Осталось только сказать несколько слов о человеке, по чьей воле и разумению совершались все значительные события в Испании середины XX века.
Постаревший, но по-прежнему бодрый и работоспособный, глава испанского государства пожинал заслуженные плоды. Возглавив в 1947 г. регентский совет вновь провозглашенного королевства, Франко ничуть не беспокоился об отсутствии короля. Пока шла торговля относительно наследника, генералиссимус решил сам побыть в этой роли. Ом жаловал дворянским достоинством любимых соратников и необходимых партнеров. Его профиль чеканили на монетах, окружая крепкую мыслящую голову девизом, без ложной скромности гласившим, что изображенный не кто иной, как «каудильо господней волей». Его появления на публике обставлялись помпезными ритуалами. От избранного им в той или иной ситуации костюма зависела политическая ситуация в стране. Так было, когда в 1955 г. он явился на ежегодную мессу в память Хосе Антонио в армейском мундире вместо традиционной фалангистской формы. За этим последовало окончательное отстранение фаланги от реальной политической власти. Наконец, подобно фараонам, он возводил себе впечатляющую гробницу в Долине Павших — пантеон, в который перенесли останки испанцев, павших в гражданской войне, невзирая на их принадлежность к враждебным лагерям.

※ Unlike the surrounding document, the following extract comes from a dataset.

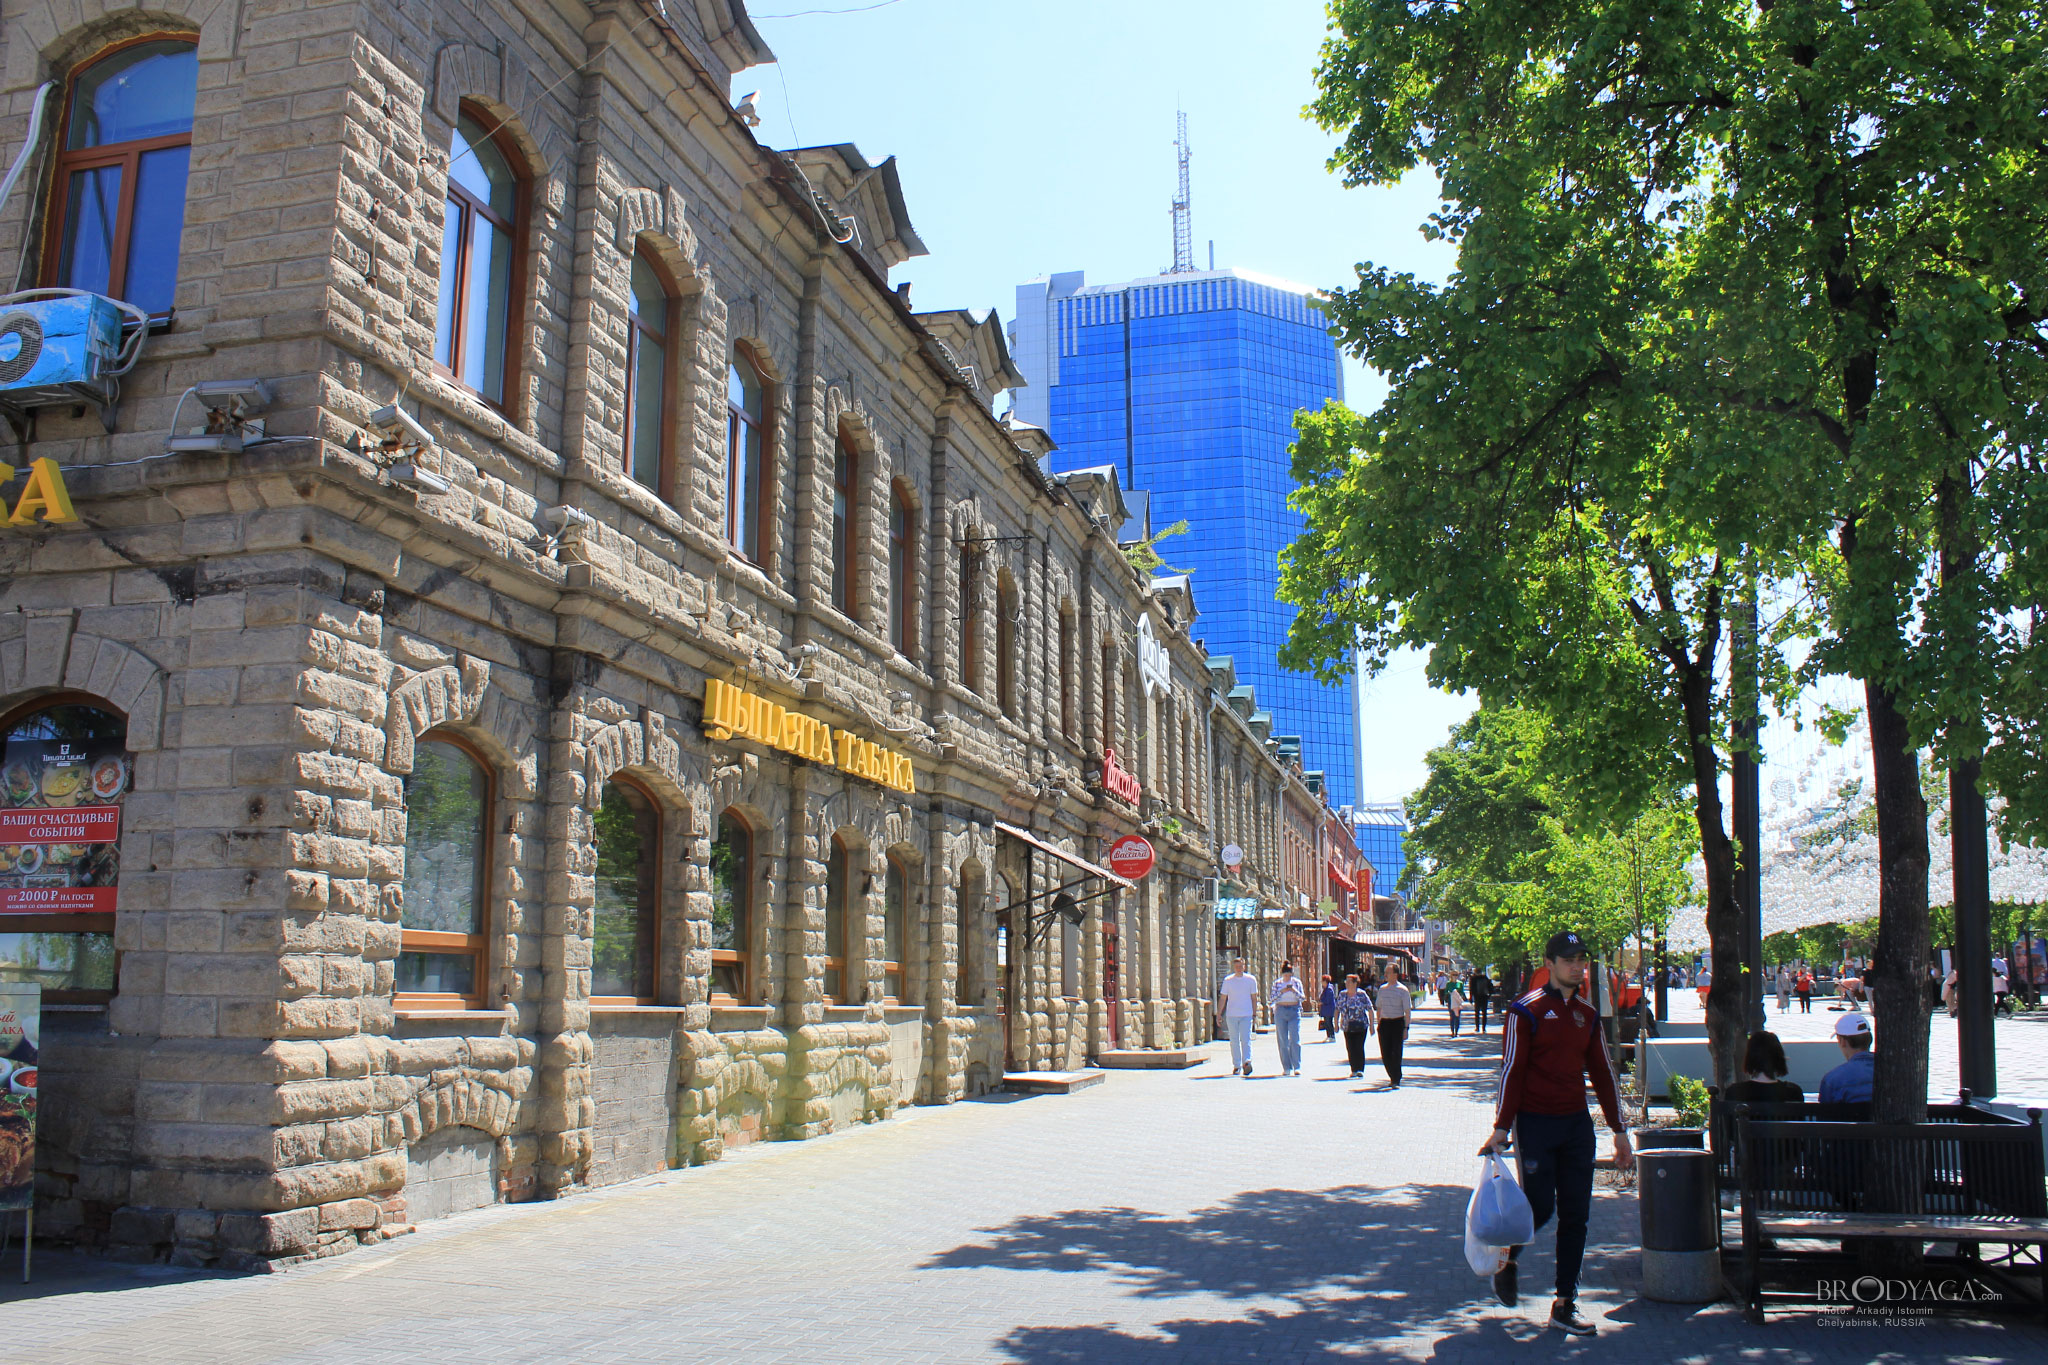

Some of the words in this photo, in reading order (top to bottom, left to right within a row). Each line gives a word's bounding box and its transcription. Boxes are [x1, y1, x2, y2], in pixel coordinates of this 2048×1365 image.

И хотя возведение базилики в Долине Павших начали осужденные республиканцы, которым предлагалось таким образом искупить свои политические грехи, тем не менее совместное погребение жертв братоубийства воспринималось как первый шаг к национальному примирению, чего, собственно, и добивался Франко, которому заранее отвели почетную нишу на будущее. Однако до его помещения в усыпальницу оставалось достаточно времени.
Каудильо не спешил, верно оценивая свои силы. Он выбрал молодого преемника, сына графа Барселонского — Хуана Карлоса Бурбона и, не торопясь, между делами, занялся воспитанием юного принца, который согласно договоренности прибыл в 1955 г. в Испанию, дабы получить под надзором регента подобающее королю образование. Возраст восемнадцатилетнего юноши, которому предстояло многому научиться, как бы подчеркивал, что Франко никуда не торопится.
Состояние здоровья бравого вояки в ту пору было более чем удовлетворительным. Лишь самые рутинные, с его точки зрения, дела, от решения которых мало что зависело, он перекладывал на своих министров. Он по-прежнему предпочитал как можно больше делать сам, благо работоспособность это позволяла. Рабочий день был строго регламентирован и продолжался в общей сложности около двенадцати часов. Каудильо лично возглавлял продолжительные изматывающие заседания правительства и многочисленные трудоемкие церемонии. Досуг Франко, если он не предавался любимому занятию живописью, бывал активен. Он много охотился, рыбачил в море, совершал прогулки на яхте или просто занимался спортом, как правило, теннисом либо верховой ездой. В конце 40-х увидел свет его роман «Раса», который, впрочем, не привел в восторг независимых критиков, оставшись лишь примером типичной, добротной испанской словесности.
Характер Франко мало изменился. Он по-прежнему был доброжелательно скрытен и оправдывал данную ему характеристику «человека, лучше всех в Испании умеющего молчать». Улыбчивый и демонстративно открытый на публике, в реальной жизни он доверял лишь узкому кругу удержавшихся вблизи друзей молодости и родственников. Он по-прежнему ненавидел коммунистов и масонов и презирал либералов, считая, что демократия открывает двери ультралевым. Однако в пятидесятых годах ранее употребляемые филиппики против «прогнивших демократий», которые он любил произносить, более не звучали, поскольку он, с одной стороны, демонстрировал лояльность избранному лагерю, а, с другой — убедился в наличии у демократических обществ способности и желания противостоять левацкому экстремизму. Впрочем, в тот же период он, очевидно, начал осознавать и некоторую разницу между советским социализмом и знакомыми ему по испанскому опыту левацкими доктринами. Во всяком случае, его высказывания о СССР стали более спокойными и взвешенными. Подслеповатая ненависть, заставившая его совершить самую большую в жизни ошибку с «Голубой дивизией», отступила, оставив место прагматизму и трезвости.